Problem to solve
Please retype the records below exactly as they appear, leaving out every picture.

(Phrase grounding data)
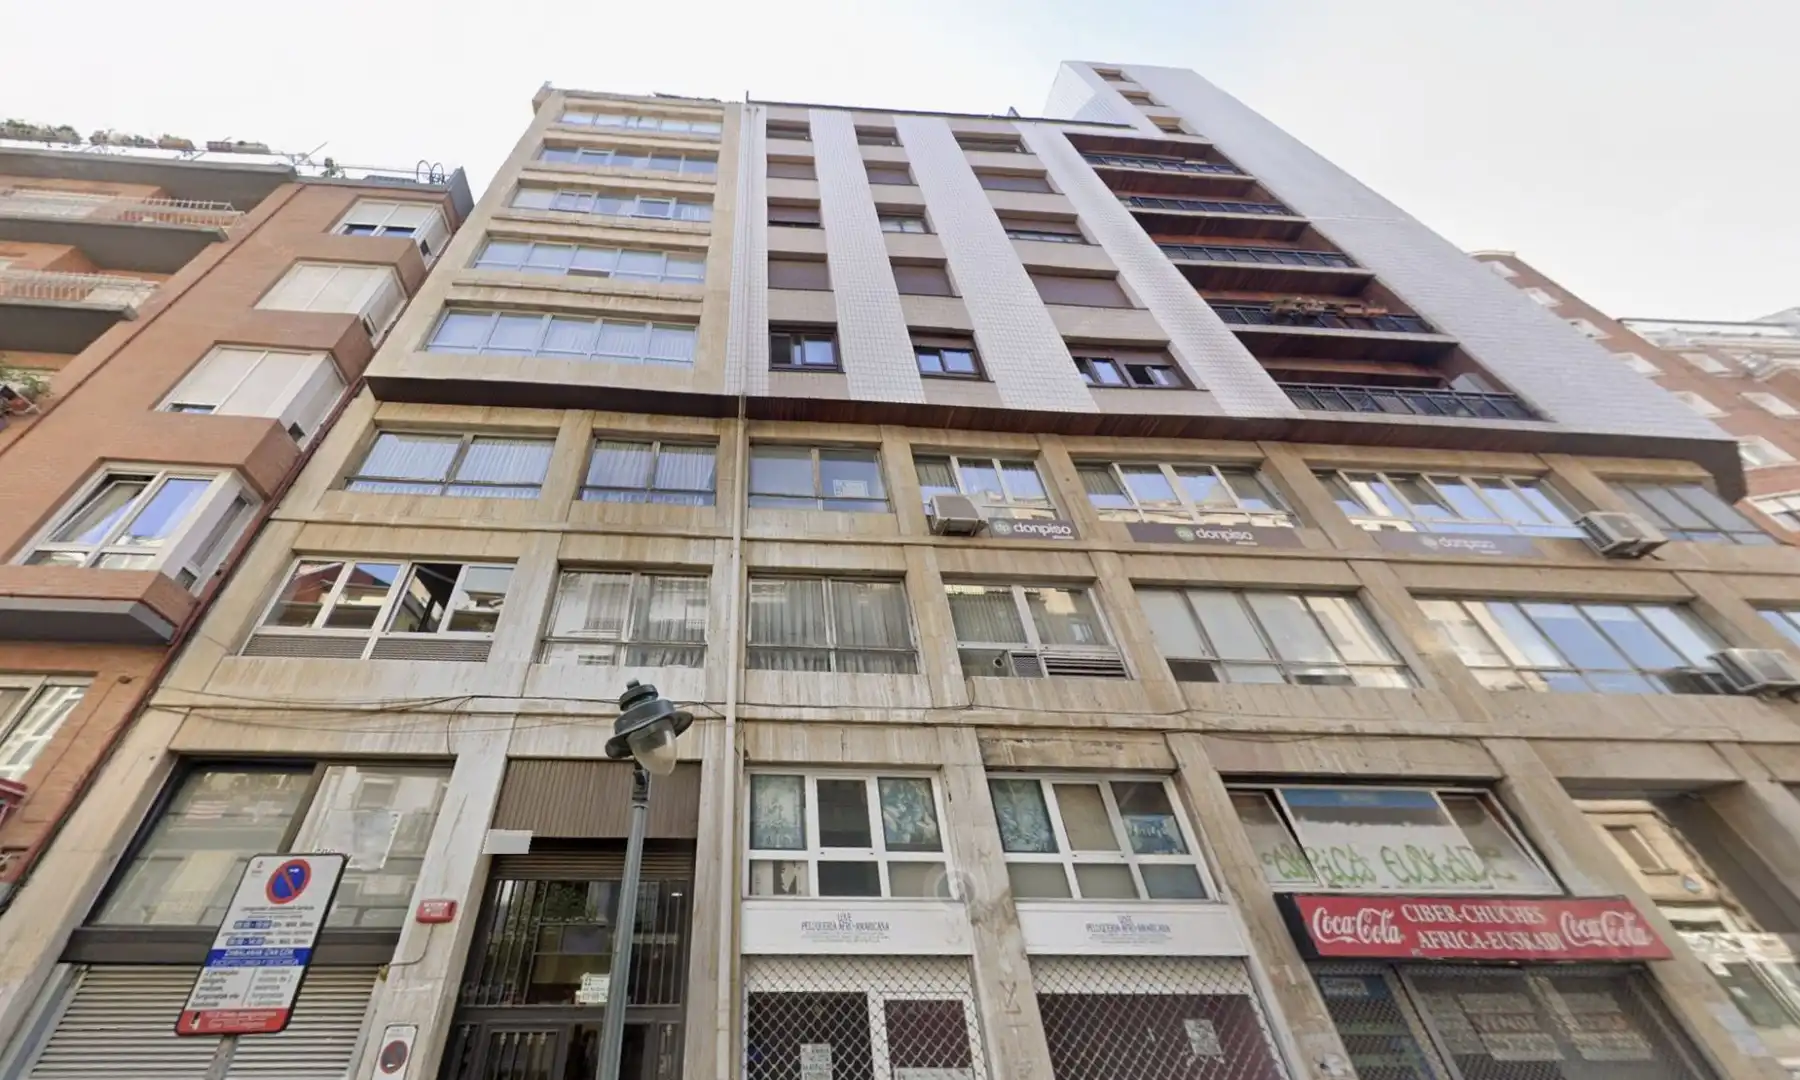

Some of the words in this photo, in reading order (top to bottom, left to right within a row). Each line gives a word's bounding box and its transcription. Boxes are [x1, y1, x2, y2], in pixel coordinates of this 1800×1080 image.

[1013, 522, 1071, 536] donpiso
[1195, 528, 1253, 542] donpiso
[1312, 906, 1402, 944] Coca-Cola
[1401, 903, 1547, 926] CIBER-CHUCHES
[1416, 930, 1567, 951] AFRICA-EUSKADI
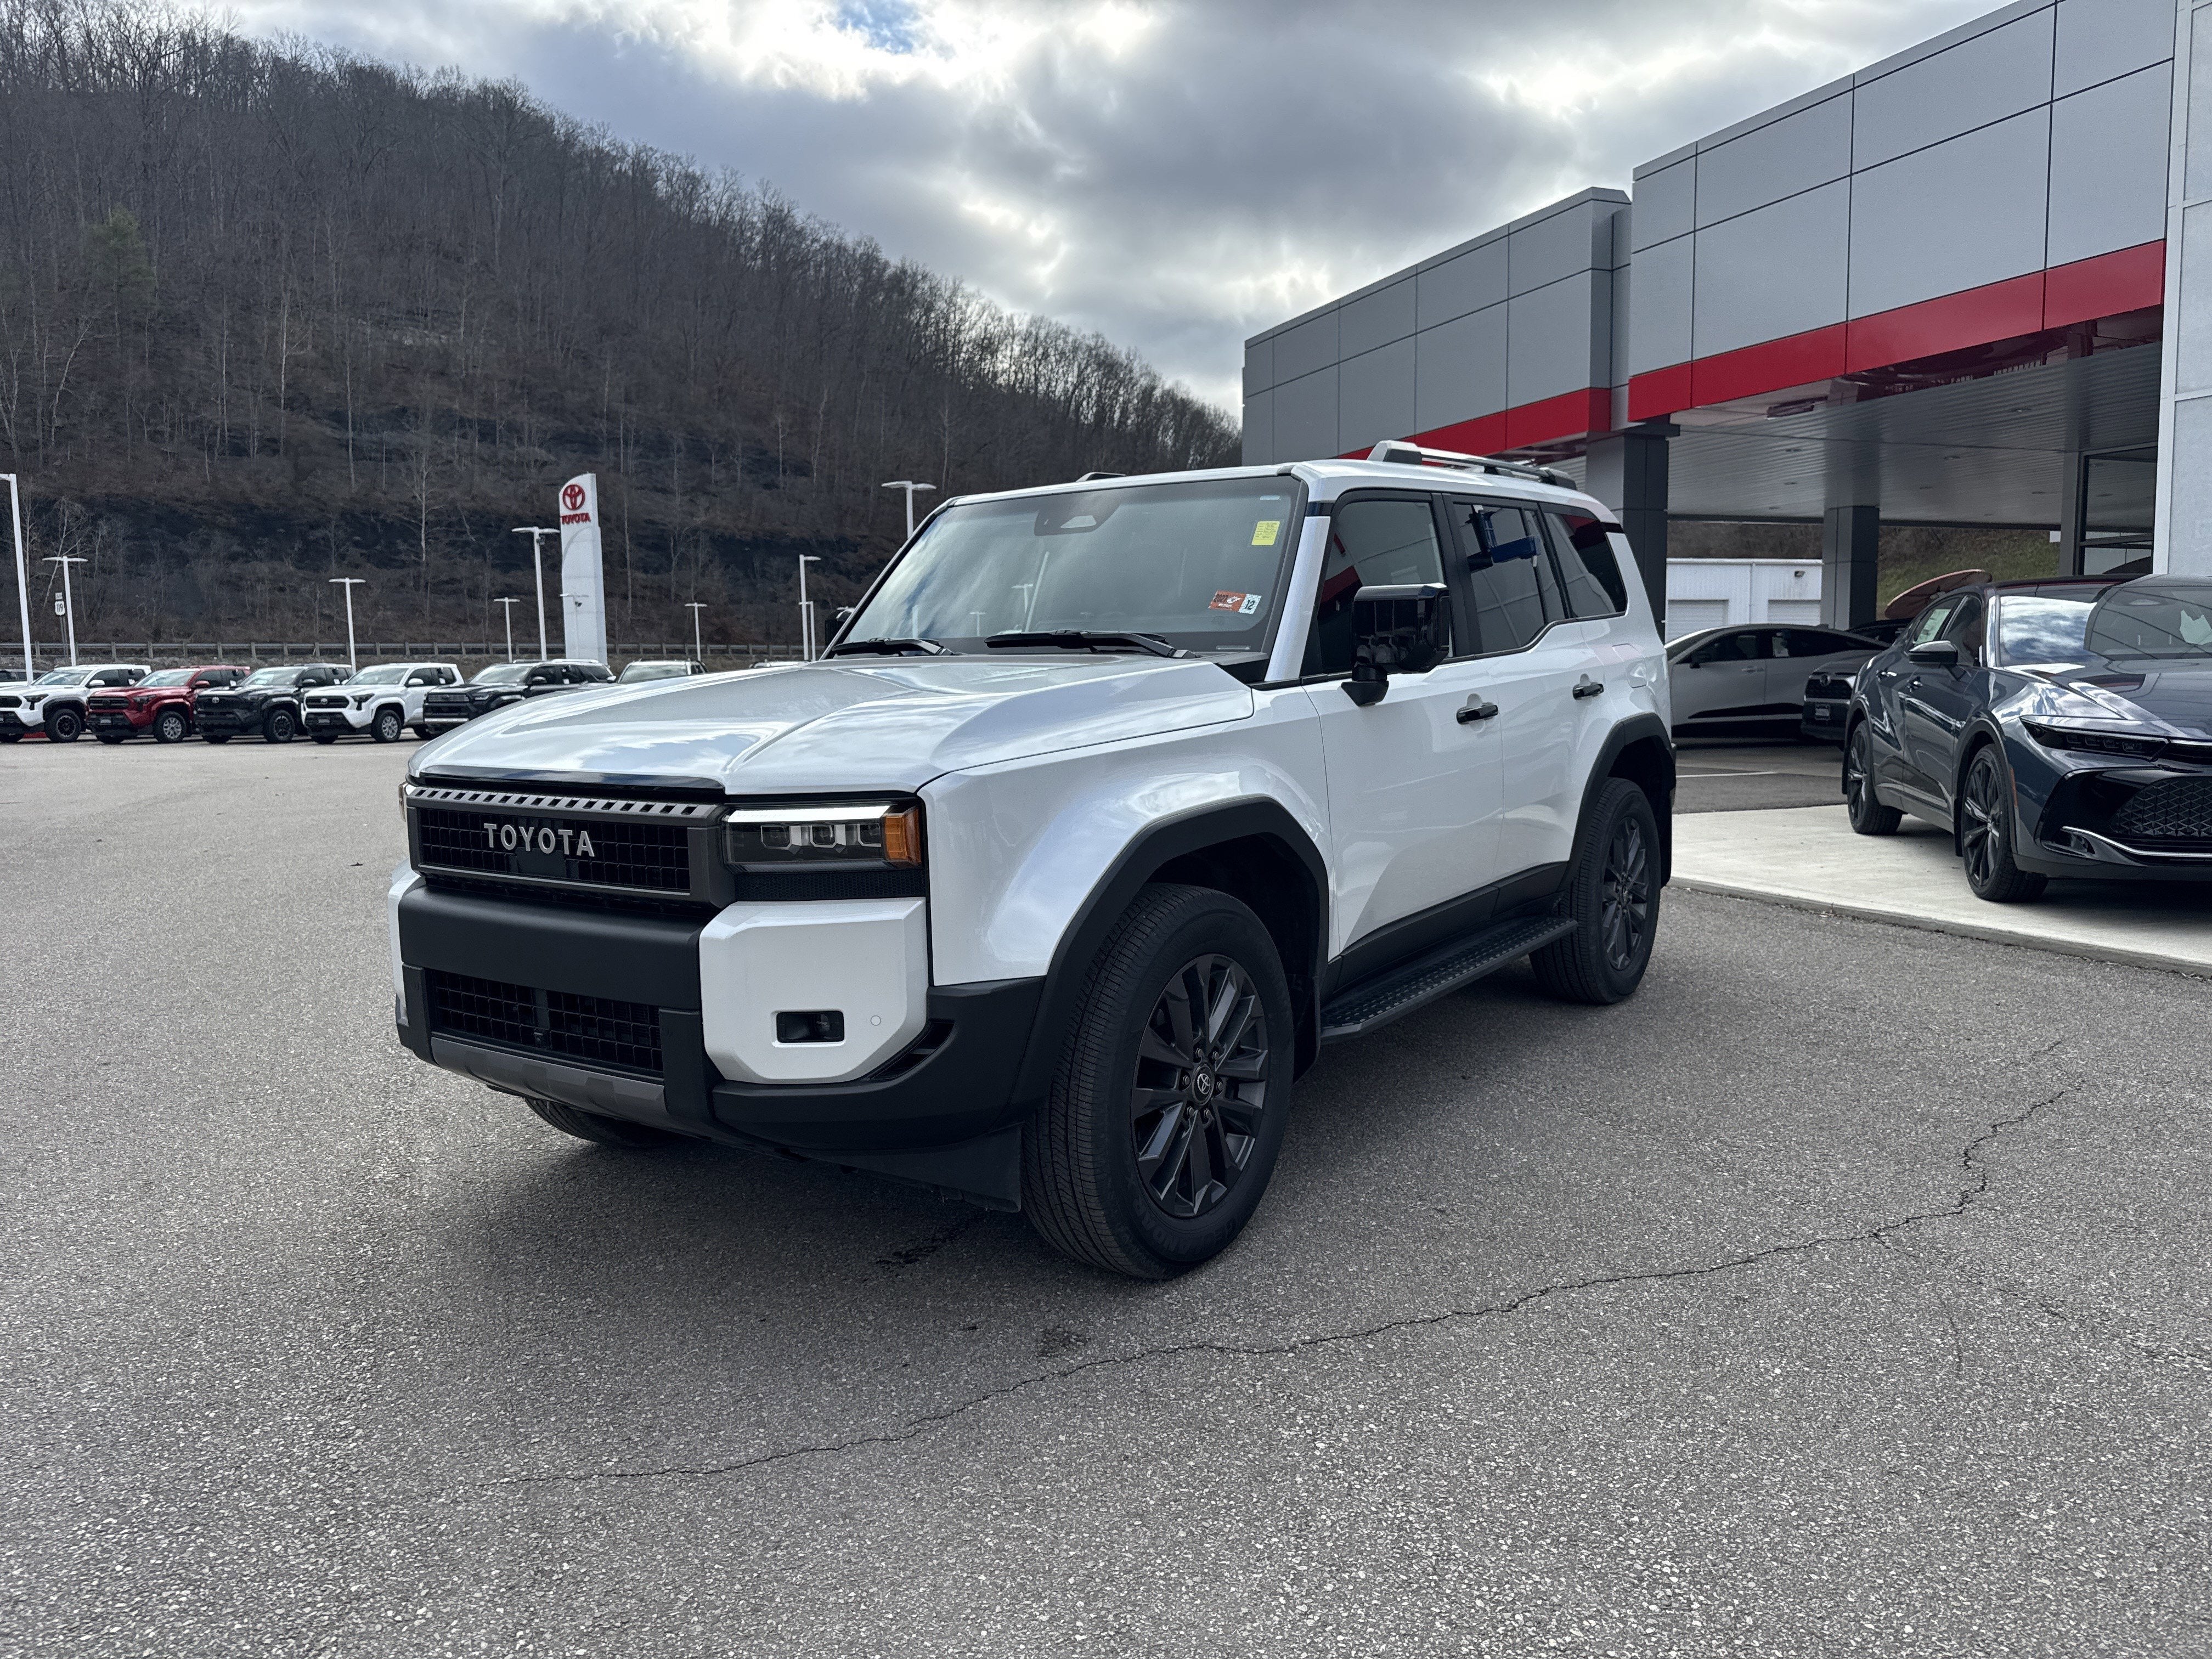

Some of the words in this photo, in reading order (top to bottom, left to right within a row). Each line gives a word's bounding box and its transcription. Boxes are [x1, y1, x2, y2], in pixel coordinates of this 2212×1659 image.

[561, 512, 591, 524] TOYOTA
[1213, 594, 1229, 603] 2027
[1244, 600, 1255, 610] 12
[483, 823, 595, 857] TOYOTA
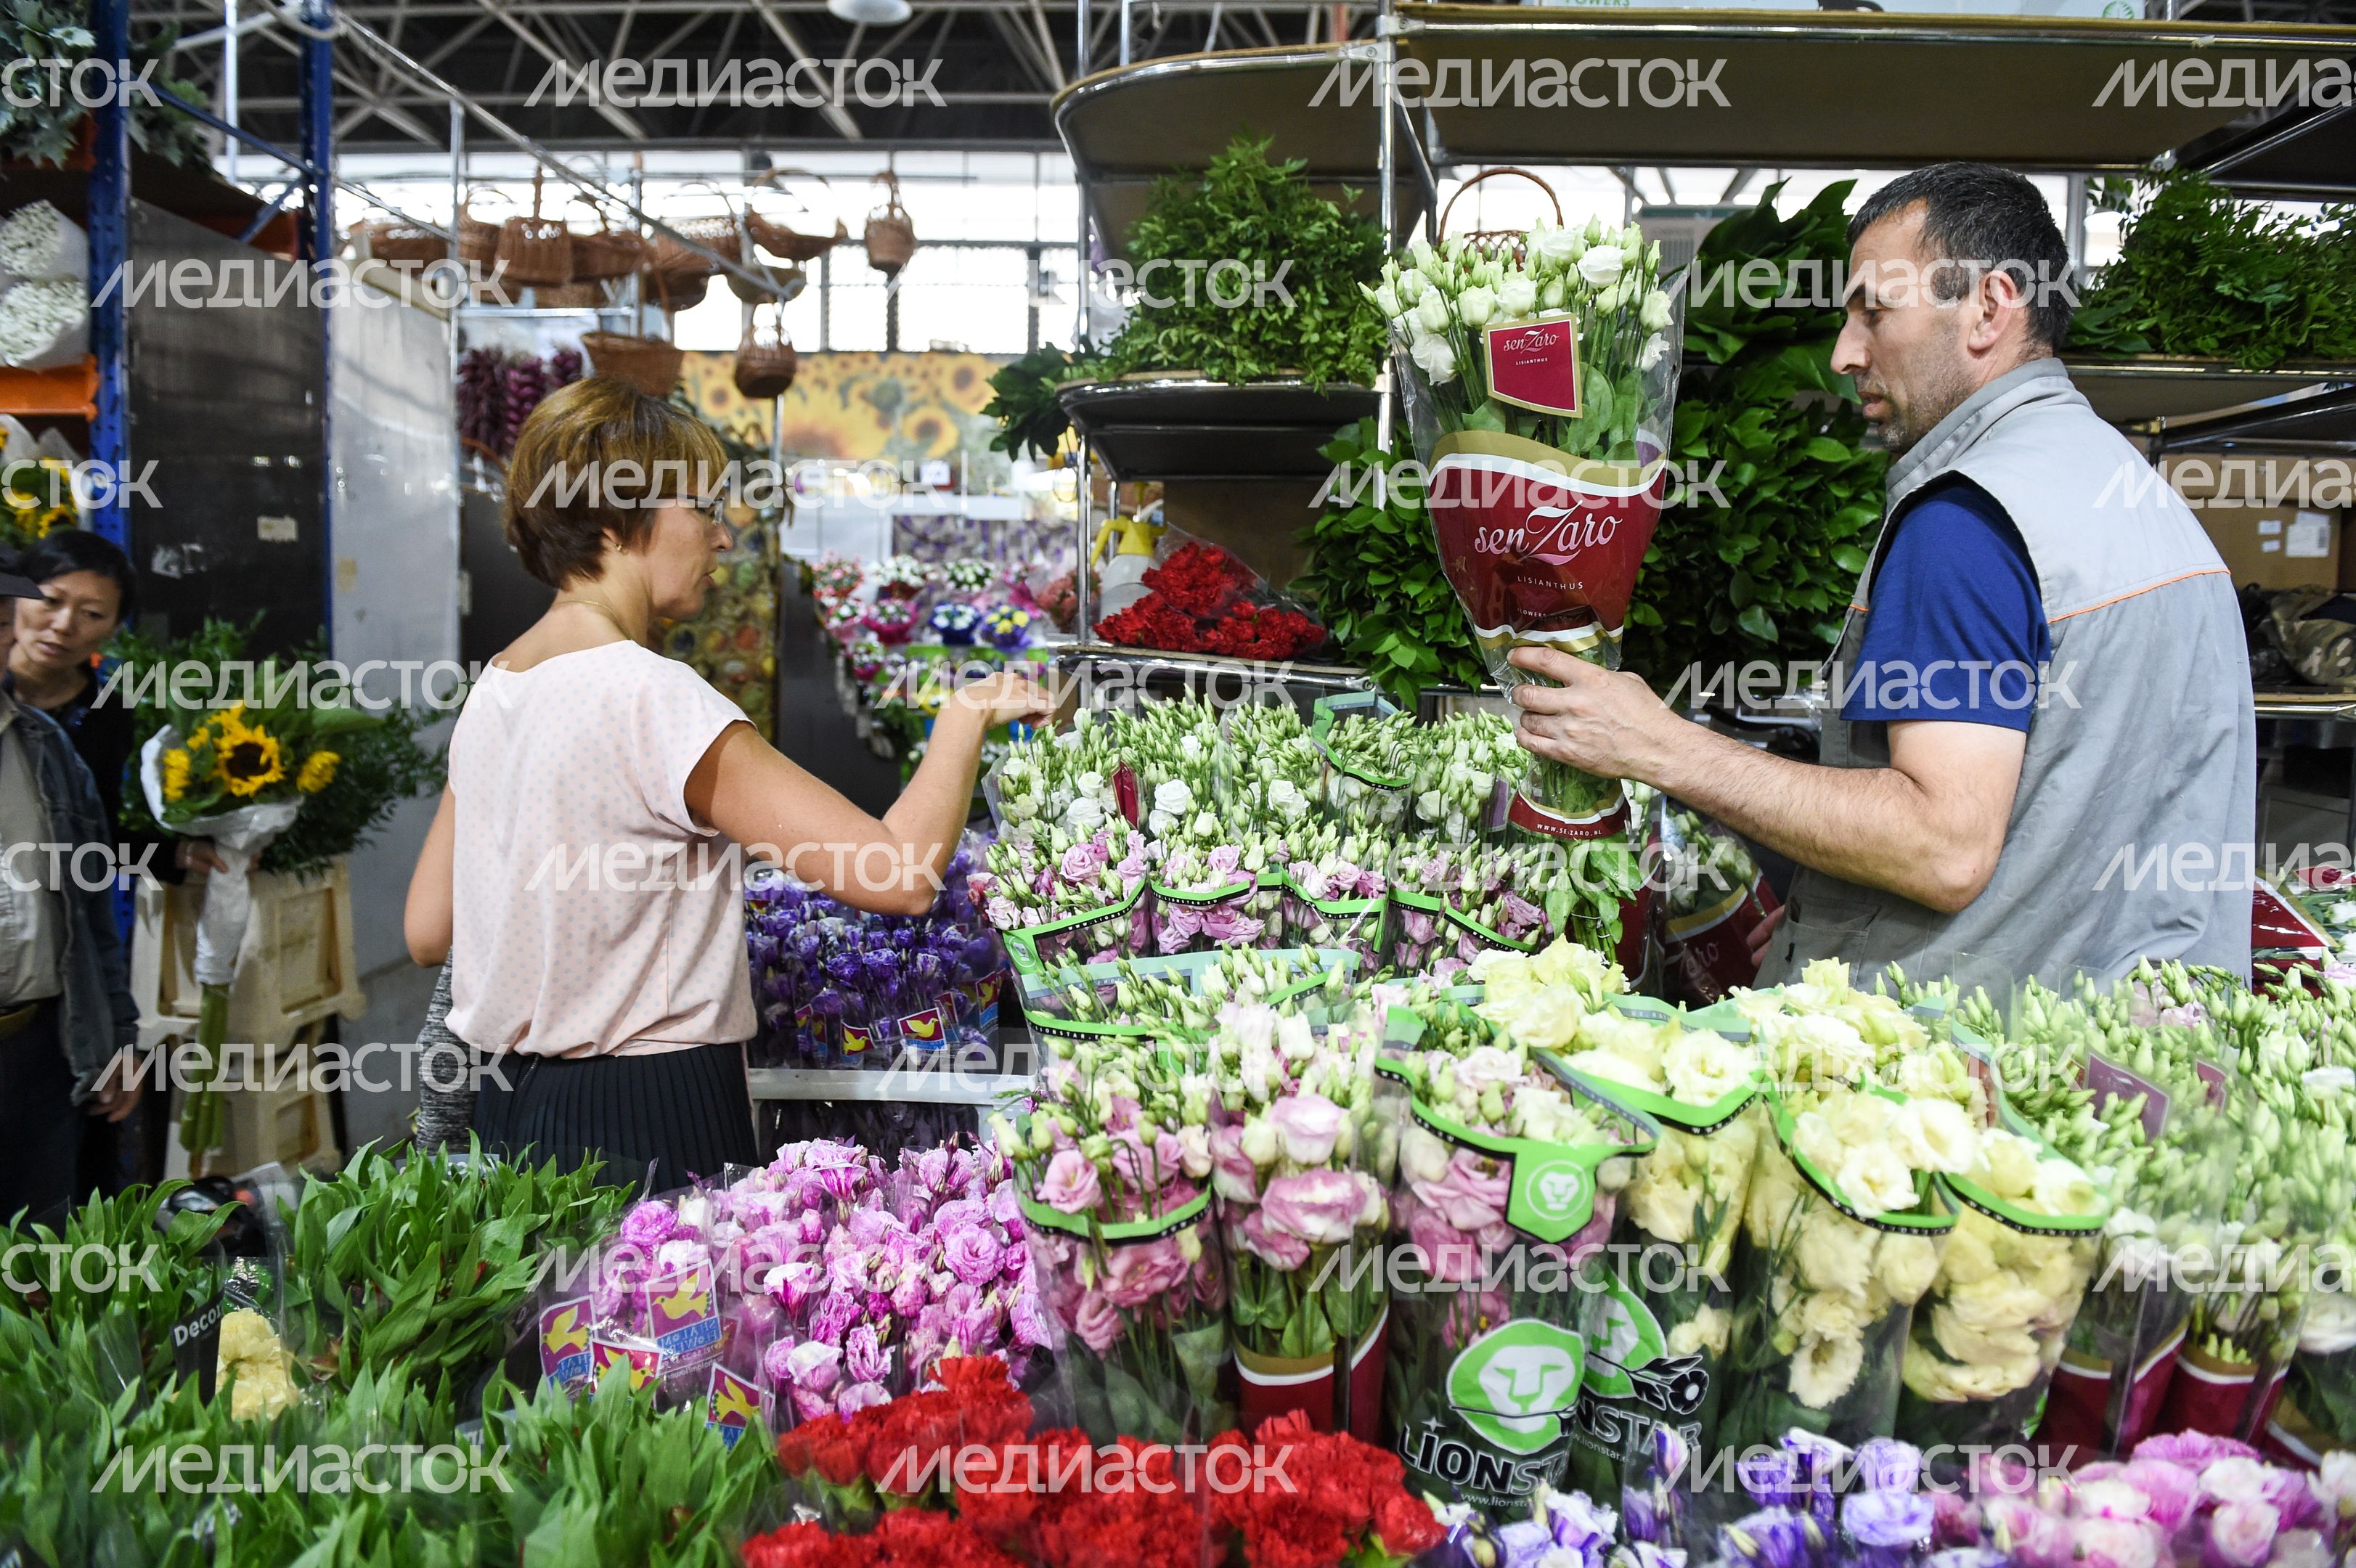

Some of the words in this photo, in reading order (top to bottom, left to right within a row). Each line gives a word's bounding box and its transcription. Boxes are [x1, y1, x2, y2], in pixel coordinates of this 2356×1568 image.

Result for this exercise
Some of the words in this photo, in reading order (top to bottom, left to right within a row). Each line gives a word's bounding box and its transcription. Boxes are [x1, y1, x2, y2], in pixel coordinates of this 1800×1080 image.

[1013, 522, 1071, 536] donpiso
[1195, 528, 1253, 542] donpiso
[1312, 906, 1402, 944] Coca-Cola
[1401, 903, 1547, 926] CIBER-CHUCHES
[1416, 930, 1567, 951] AFRICA-EUSKADI

Some of the words in this photo, in reading order (top to bottom, left to right within a row). Each line gives a word's bounding box and its transcription. Boxes are [x1, y1, x2, y2], in pixel coordinates of this 2212×1659 image.

[561, 512, 591, 524] TOYOTA
[1213, 594, 1229, 603] 2027
[1244, 600, 1255, 610] 12
[483, 823, 595, 857] TOYOTA

Some of the words in this photo, in reading order (top to bottom, left to right within a row). Each line gives a word's bounding box and its transcription. Boxes are [x1, y1, x2, y2], in pixel coordinates of this 2356×1568 image.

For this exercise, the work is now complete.